- Data to process

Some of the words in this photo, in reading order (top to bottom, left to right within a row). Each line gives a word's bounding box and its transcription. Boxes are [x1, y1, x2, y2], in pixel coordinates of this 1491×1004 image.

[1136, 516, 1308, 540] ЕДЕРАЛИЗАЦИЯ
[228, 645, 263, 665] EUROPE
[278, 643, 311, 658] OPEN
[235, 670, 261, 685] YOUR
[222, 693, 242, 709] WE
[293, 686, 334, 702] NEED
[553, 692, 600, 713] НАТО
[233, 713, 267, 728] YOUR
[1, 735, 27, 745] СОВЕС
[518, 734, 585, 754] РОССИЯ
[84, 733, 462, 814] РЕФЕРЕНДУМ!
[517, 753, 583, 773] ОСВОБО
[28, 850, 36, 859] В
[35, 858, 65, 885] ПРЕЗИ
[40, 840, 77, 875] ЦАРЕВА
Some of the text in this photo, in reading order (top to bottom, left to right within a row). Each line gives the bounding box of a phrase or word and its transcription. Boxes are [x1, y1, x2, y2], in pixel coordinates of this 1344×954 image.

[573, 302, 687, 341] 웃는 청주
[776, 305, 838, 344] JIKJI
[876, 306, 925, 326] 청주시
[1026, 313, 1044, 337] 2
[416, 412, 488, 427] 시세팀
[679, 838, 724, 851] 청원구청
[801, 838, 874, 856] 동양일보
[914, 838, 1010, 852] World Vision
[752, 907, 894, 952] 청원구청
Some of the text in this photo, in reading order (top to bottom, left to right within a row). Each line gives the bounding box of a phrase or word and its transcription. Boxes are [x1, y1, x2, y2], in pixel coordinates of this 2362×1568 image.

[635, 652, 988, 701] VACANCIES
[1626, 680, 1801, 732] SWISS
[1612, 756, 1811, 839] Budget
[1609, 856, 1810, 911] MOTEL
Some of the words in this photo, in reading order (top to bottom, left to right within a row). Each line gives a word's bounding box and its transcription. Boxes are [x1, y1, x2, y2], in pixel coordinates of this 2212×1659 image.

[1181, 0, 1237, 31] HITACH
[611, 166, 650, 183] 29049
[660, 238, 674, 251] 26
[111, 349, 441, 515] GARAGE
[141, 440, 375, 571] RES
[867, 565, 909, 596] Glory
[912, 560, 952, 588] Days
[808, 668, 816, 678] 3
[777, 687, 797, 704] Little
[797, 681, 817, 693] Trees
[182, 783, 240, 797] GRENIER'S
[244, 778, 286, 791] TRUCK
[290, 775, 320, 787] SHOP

- The problem
Retype each record, matching it exactly.

- Written response
Some of the words in this photo, in reading order (top to bottom, left to right within a row). Each line gives a word's bounding box and its transcription. Boxes are [x1, y1, x2, y2], in pixel coordinates of this 1491×1004 image.

[1136, 516, 1308, 540] ЕДЕРАЛИЗАЦИЯ
[228, 645, 263, 665] EUROPE
[278, 643, 311, 658] OPEN
[235, 670, 261, 685] YOUR
[222, 693, 242, 709] WE
[293, 686, 334, 702] NEED
[553, 692, 600, 713] НАТО
[233, 713, 267, 728] YOUR
[1, 735, 27, 745] СОВЕС
[518, 734, 585, 754] РОССИЯ
[84, 733, 462, 814] РЕФЕРЕНДУМ!
[517, 753, 583, 773] ОСВОБО
[28, 850, 36, 859] В
[35, 858, 65, 885] ПРЕЗИ
[40, 840, 77, 875] ЦАРЕВА
Some of the text in this photo, in reading order (top to bottom, left to right within a row). Each line gives the bounding box of a phrase or word and its transcription. Boxes are [x1, y1, x2, y2], in pixel coordinates of this 1344×954 image.

[573, 302, 687, 341] 웃는 청주
[776, 305, 838, 344] JIKJI
[876, 306, 925, 326] 청주시
[1026, 313, 1044, 337] 2
[416, 412, 488, 427] 시세팀
[679, 838, 724, 851] 청원구청
[801, 838, 874, 856] 동양일보
[914, 838, 1010, 852] World Vision
[752, 907, 894, 952] 청원구청
Some of the text in this photo, in reading order (top to bottom, left to right within a row). Each line gives the bounding box of a phrase or word and its transcription. Boxes are [x1, y1, x2, y2], in pixel coordinates of this 2362×1568 image.

[635, 652, 988, 701] VACANCIES
[1626, 680, 1801, 732] SWISS
[1612, 756, 1811, 839] Budget
[1609, 856, 1810, 911] MOTEL
Some of the words in this photo, in reading order (top to bottom, left to right within a row). Each line gives a word's bounding box and its transcription. Boxes are [x1, y1, x2, y2], in pixel coordinates of this 2212×1659 image.

[1181, 0, 1237, 31] HITACH
[611, 166, 650, 183] 29049
[660, 238, 674, 251] 26
[111, 349, 441, 515] GARAGE
[141, 440, 375, 571] RES
[867, 565, 909, 596] Glory
[912, 560, 952, 588] Days
[808, 668, 816, 678] 3
[777, 687, 797, 704] Little
[797, 681, 817, 693] Trees
[182, 783, 240, 797] GRENIER'S
[244, 778, 286, 791] TRUCK
[290, 775, 320, 787] SHOP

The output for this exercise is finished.